It started out as good fun, but suddenly there are flashing fangs and earsplitting growls. Dog fights are usually short (but not so sweet) and end with one dog backing down and no serious injuries. Sometimes, however, a fight can drag on or one dog can get hurt. As the alpha of your little pack, it is up to you to play the peacemaker and stop or prevent fights from happening.
Observe your dogs' body language to see if they are actually fighting, or if this is a friendly wrestling match. Dogs use their teeth (and their growls) to play with each other, and even a game can seem quite violent to a human observer. Are your dogs rigid and stiff, or are they bouncing around, tails wagging? If it's the second, this is probably just a game.
Break up fights by interrupting them. Clap or shout to get your dogs' attention. If this isn't enough, try water, or throw a blanket over the top of the dogs. Don't physically separate the dogs unless you have to. Never grab your dogs' collars during a fight, or they may reflexively bite you. Don't try to separate them alone either. Get someone to help. Grab each dog by the hind legs, at the very top of the leg (near the hips) as close to the body as you can get and slowly walk them backward at the same time. Don't grab their lower legs or you can injure the dogs.
Feed your dogs in separate rooms in your house. This will stop them from competing over food. Don't leave coveted items such as bones or toys on the floor unless you are able to supervise. Watch for situations that might cause fights. For example, if there is only one bone on the floor, you may have problems. Eliminate possessive fighting by controlling your dogs' access to these items.
Interrupt your dog's wrestling matches if you feel they are getting too heated and may turn into a full-on fight. Try teaching a command such as "gentle" to warn your dogs to back off when they play too loudly or too rough. Start with a loud noise such as clap as you say "gentle" to get your dogs' attention. Reward them for easing up or let them continue playing at an appropriate level. Each time they get too rough, interrupt the game. Separate them in separate rooms for a few moments if they refuse to calm the game down.
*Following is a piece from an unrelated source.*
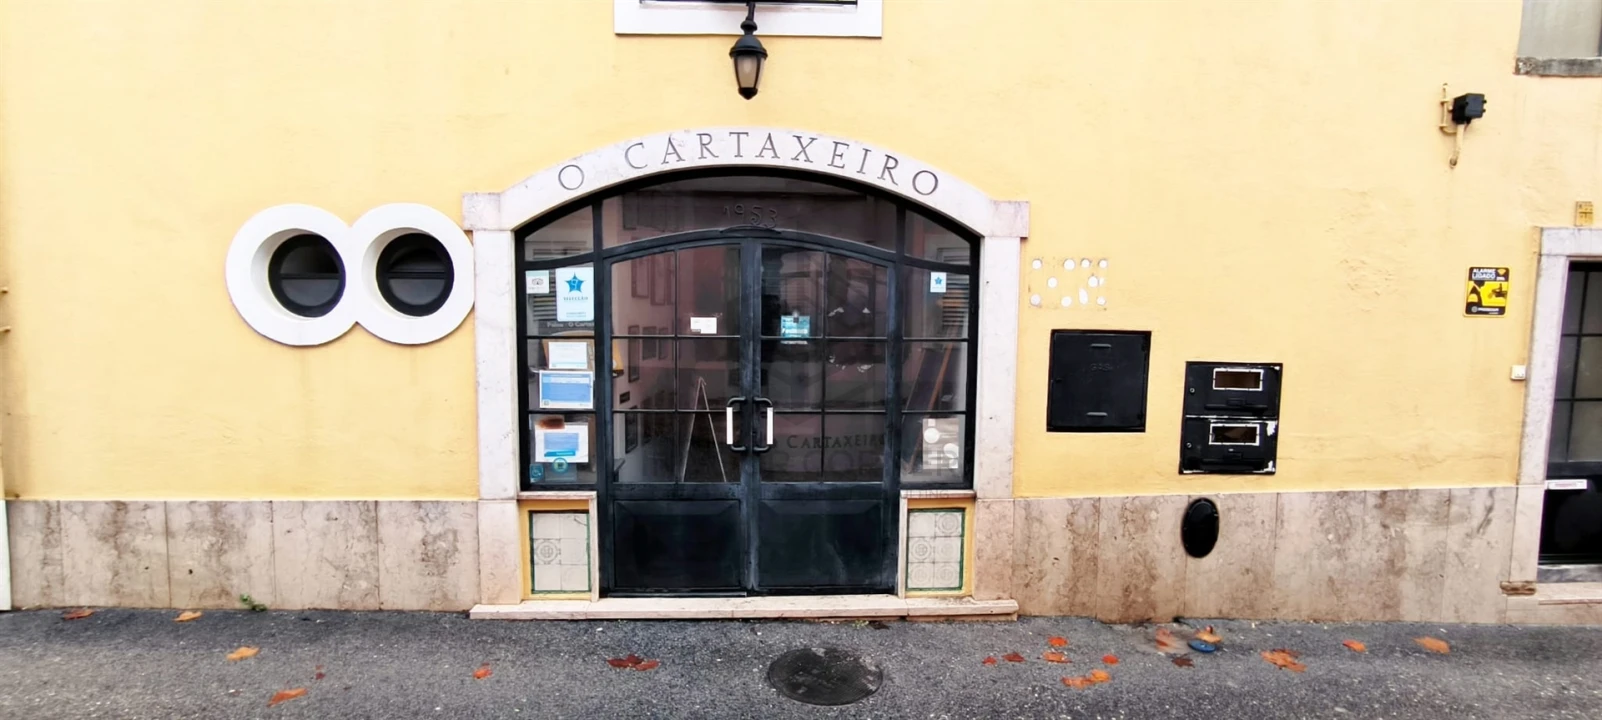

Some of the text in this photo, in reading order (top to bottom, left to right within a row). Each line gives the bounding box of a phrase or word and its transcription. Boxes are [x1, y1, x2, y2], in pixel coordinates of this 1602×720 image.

[557, 131, 939, 197] O CARTAXEIRO
[723, 203, 777, 229] 1953
Train each dog with basic obedience commands. This can help you have greater control of them when they get too excited or agitated with each other. Always reward calm behavior. For example, rather than risk fights by letting them trample each other in their rush to get outside, require them to sit and wait at the door until you release them. Reward them for doing so. Likewise, give them privileges, such as chewing on bones, only when they are calm. If they start to get aggressive with each other, remove the bones (and the temptation).